Craft a killer cover letter:Your cover letter is your chance to stand out—make it personal! Explain why you want to work at Roku, Inc. and how your skills align with the role. Show us your passion for software development. We dig enthusiastic candidates who understand the value of collaboration and continuous learning!
Be clear and concise:When it comes to writing your CV and cover letter, clarity is key. Avoid jargon that could confuse us and stick to simple, direct language. Highlight your achievements with quantifiable results where possible, and keep everything easy to read. A well-organised application goes a long way!
How to prepare for a job interview at Roku, Inc.

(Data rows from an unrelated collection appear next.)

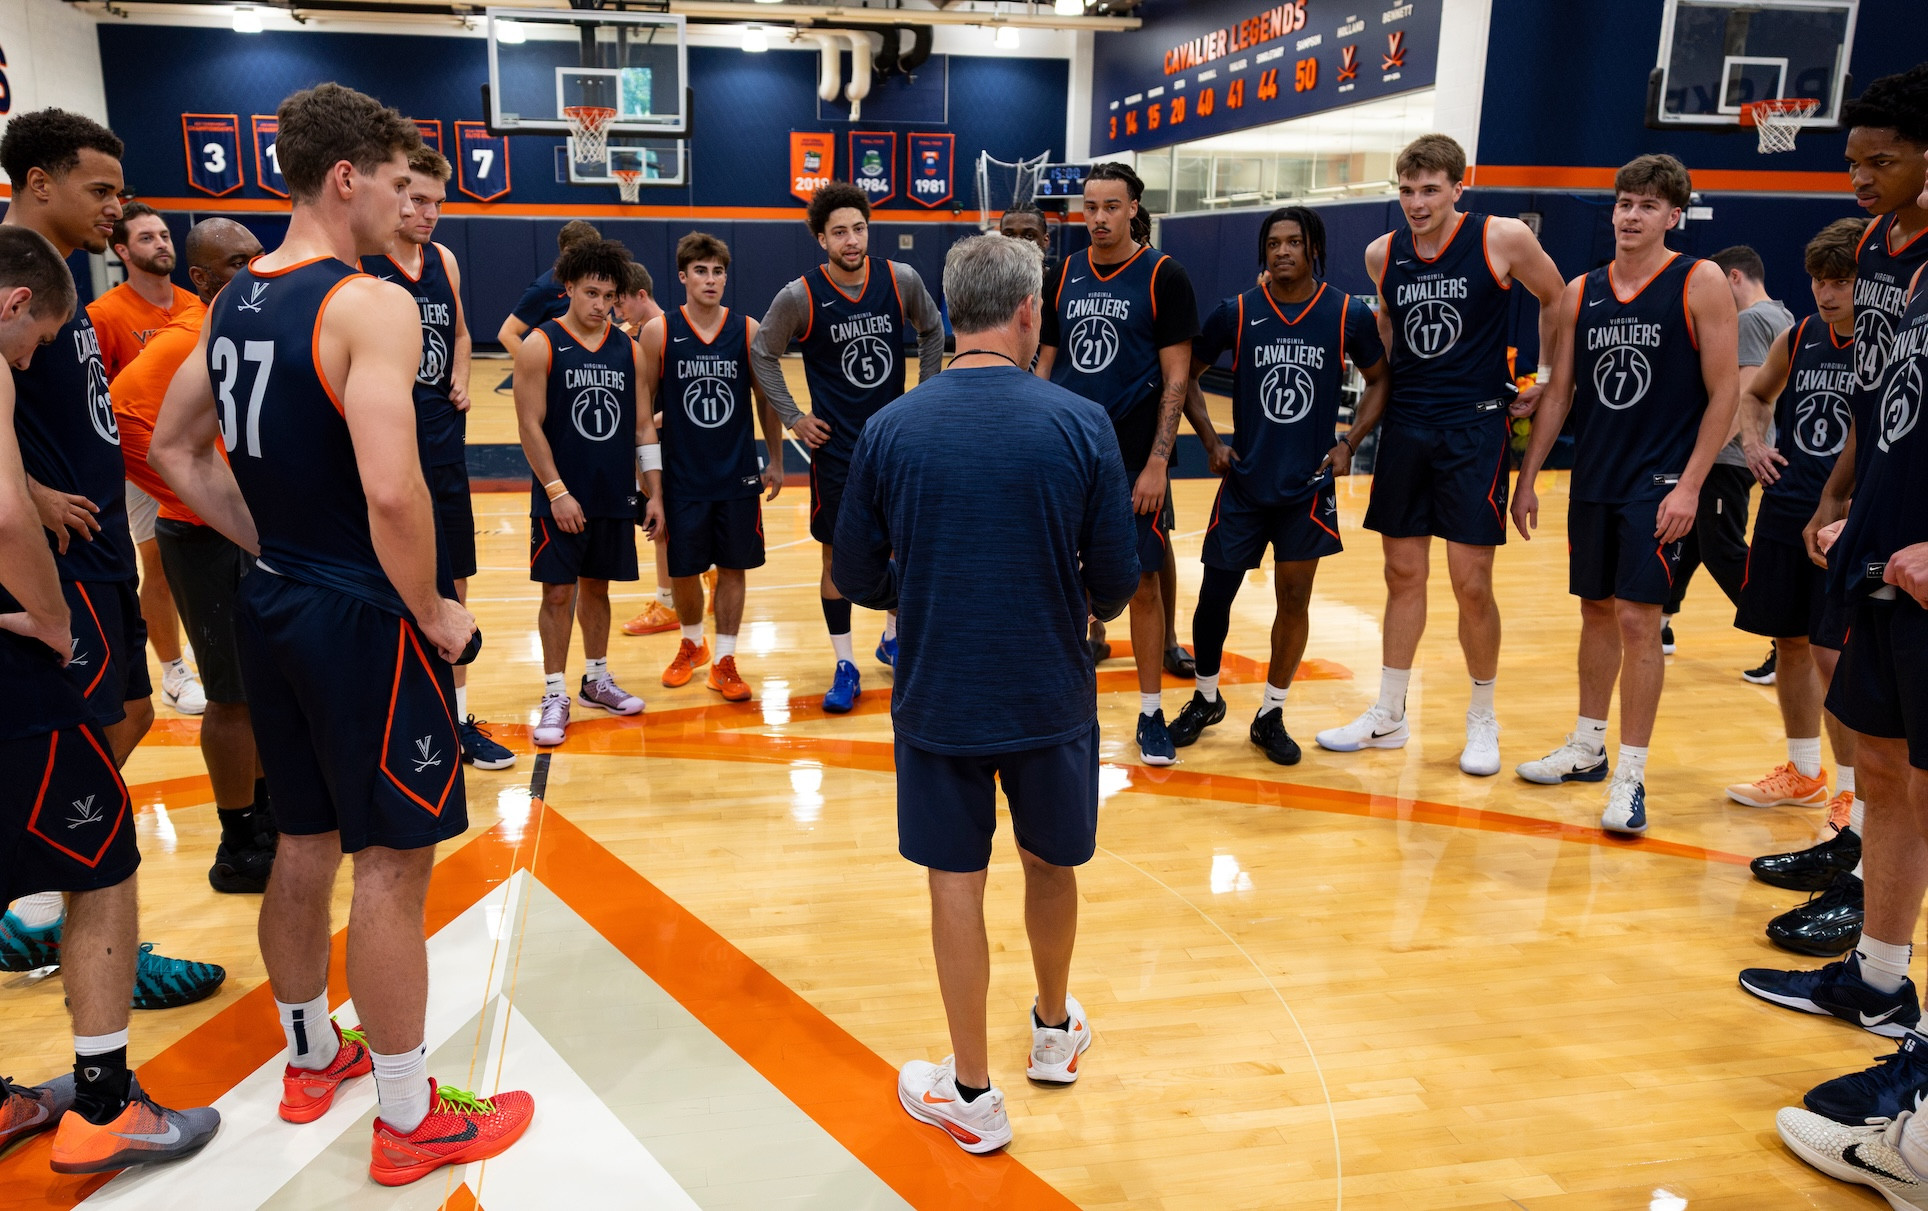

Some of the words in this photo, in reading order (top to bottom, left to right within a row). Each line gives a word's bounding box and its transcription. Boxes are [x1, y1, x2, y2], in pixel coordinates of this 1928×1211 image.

[1164, 29, 1228, 76] CAVALIER
[1229, 0, 1307, 53] LEGENDS
[1109, 116, 1117, 140] 3
[1147, 103, 1161, 130] 15
[1170, 96, 1186, 125] 20
[1196, 88, 1215, 117] 40
[1227, 79, 1245, 109] 41
[1257, 68, 1278, 101] 44
[1294, 57, 1318, 93] 50
[203, 143, 226, 173] 3
[472, 149, 494, 178] 7
[795, 177, 830, 191] 2019
[856, 177, 889, 192] 1984
[915, 179, 945, 193] 1981
[1051, 168, 1080, 180] 15:00
[1417, 273, 1445, 282] VIRGINIA
[1874, 272, 1895, 284] VIRGINIA
[1397, 277, 1468, 306] CAVALIERS
[1854, 278, 1909, 319] CAVALIERS
[848, 312, 872, 321] VIRGINIA
[1066, 298, 1130, 320] CAVALIERS
[1610, 317, 1638, 325] VIRGINIA
[830, 314, 893, 343] CAVALIERS
[1421, 323, 1443, 351] 17
[1587, 324, 1661, 351] CAVALIERS
[1080, 339, 1102, 366] 21
[1254, 345, 1325, 370] CAVALIERS
[1857, 341, 1879, 381] 34
[677, 360, 738, 379] CAVALIERS
[861, 357, 875, 380] 5
[1820, 362, 1847, 370] VIRGINIA
[565, 368, 626, 391] CAVALIERS
[1615, 372, 1627, 400] 7
[1795, 369, 1856, 395] CAVALIER
[212, 336, 274, 458] 37
[701, 398, 718, 421] 11
[1275, 388, 1296, 416] 12
[594, 408, 603, 433] 1
[1812, 418, 1828, 447] 8

✨Brush Up on Your Coding Skills
For a full-time software engineering role, it's crucial that we stay sharp with our coding abilities. Expect technical questions that might involve solving problems on the spot or discussing algorithms. Practise on platforms like LeetCode or HackerRank to get comfortable with the types of questions that often come up.
✨Know Your Tools and Frameworks
Make sure we’re well-acquainted with the tools and technologies listed in the job description. Familiarise ourselves with any specific frameworks or programming languages mentioned. If Roku, Inc. uses React or Node.js, for instance, be ready to discuss how we’ve used them in previous projects or coursework.
✨Showcase Your Projects
Bring along a portfolio that highlights our best work. This could be code samples, GitHub repositories, or any side projects we’ve built. Make sure we can talk through our thought process for each project, especially the challenges we faced and how we solved them—this shows our problem-solving skills in action.
✨Prepare for Behavioural Questions
While technical skills are key, full-time positions also require cultural fit. Be ready to discuss our previous experiences and how we handle teamwork, conflict, and deadlines. Brush up on the STAR method—Situation, Task, Action, Result—to clearly articulate our past experiences when discussing how we've contributed to a team.